A. TRIGONOMETRICAL LEVELING
Menutut (Wongsotjitro, 1980), beda tinggi antara dua titik dapat ditentukan dengan tiga
cara yaitu: Barometris, Trigonometris dan pengukuran menyipat datar. Ketiga metode tersebut
mempunyai ketelitian yang berbeda-beda. Hasil ketelitian terbesar adalah dengan cara
pengukuran menyipat datar dan ketelitian terkecil adalah metode Barometer. Metode
trigonometris adalah suatu proses penentuan beda tinggi dari titik-titik pengamatan dengan cara
mengukur sudut miring atau sudut vertikalnya dengan jarak yang diketahui, baik jarak dalam
bidang datar maupun jarak geodetis (Basuki, 2006). Pengukuran sudut vertikal atau kemiringan
dapat menggunakan theodolith atau kompas survei.

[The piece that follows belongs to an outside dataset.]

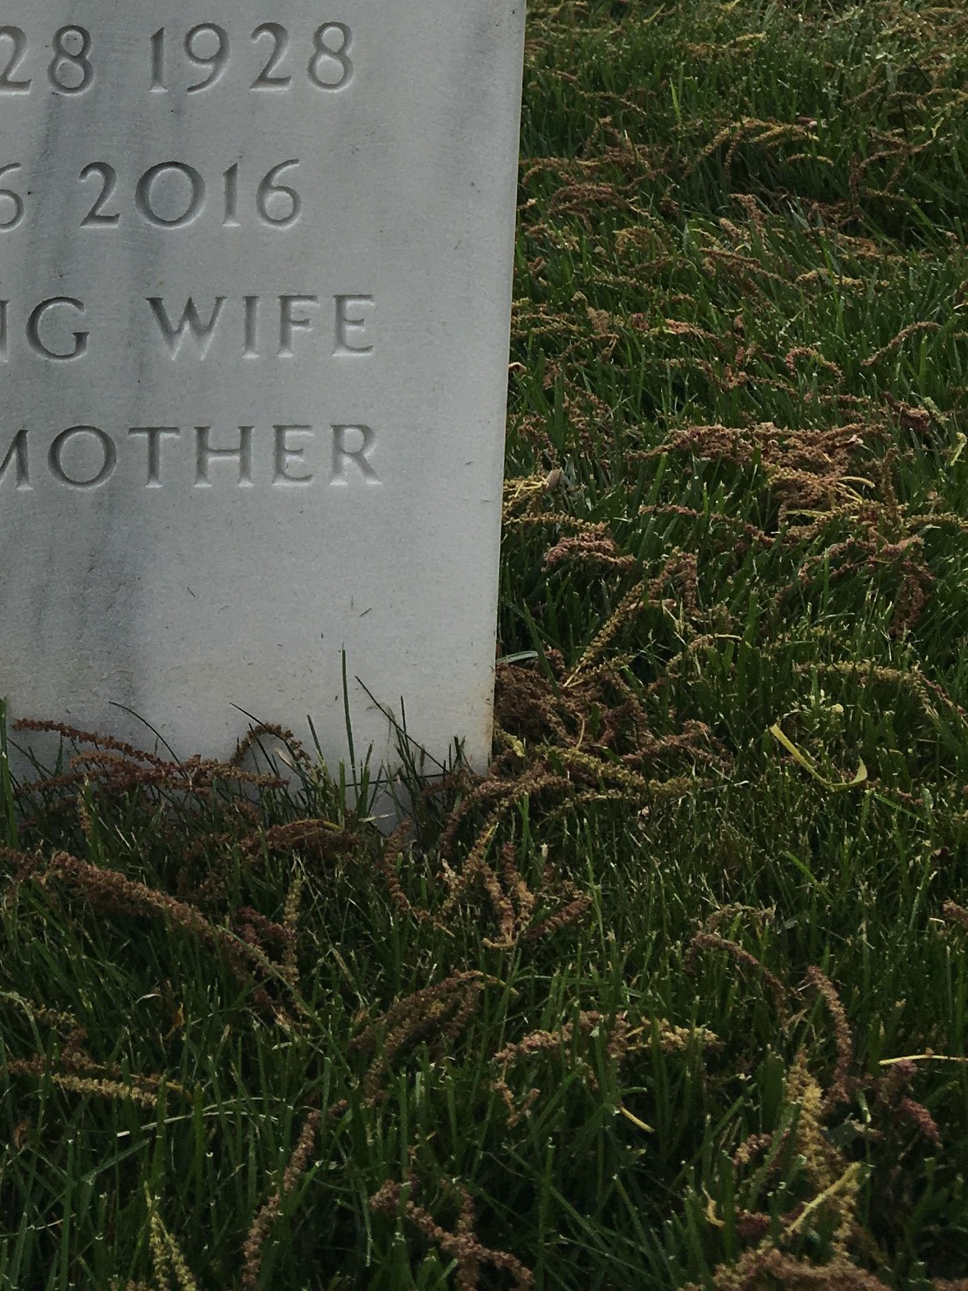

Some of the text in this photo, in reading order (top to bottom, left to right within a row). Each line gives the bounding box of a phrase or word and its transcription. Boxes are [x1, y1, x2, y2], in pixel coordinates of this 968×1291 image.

[148, 21, 355, 94] 1928
[79, 159, 302, 229] 2016
[146, 293, 376, 361] WIFE

Prinsip-prinsip yang digunakan pada pengukuran lingkup ukur tanah yaitu jarak antar
titik yang akan ditentukan beda tingginya tidak terlalu jauh, sehingga pengaruh kelengkungan
bumi dan refraksi dapat diabaikan atau diadakan koreksi linier dalam perhitungannya. Berbeda
dengan lingkup geodesi, pengukuran beda tinggi titik pengukurannya relatif jauh sehingga
harus memperhatikan kelengkungan bumi. Prinsip-prinsip umum bidang datar tidak dapat
diterapkan pada pengukuran beda tinggi ini. Nilai sudut vertikal dan horizontal harus dikoreksi
dengan kelengkungan bumi dan refraksi.
Triginometrikal atau trigonometrikal levelling dibagi menjadi dua yaitu trigonometrikal
levelling segitiga dan memanjang. Metode trigonometri memanjang merupakan pengukuran
menggunakan dua titik yang terletak dalam segaris lurus dengan obyek. Metode trigonometri
segitiga menggunakan dua titik pengukuran yang membentuk sudut dan membentuk segitiga
dengan obyek pengamatan. Kedua cara tersebut menggunakan prinsip atau sifat segitiga.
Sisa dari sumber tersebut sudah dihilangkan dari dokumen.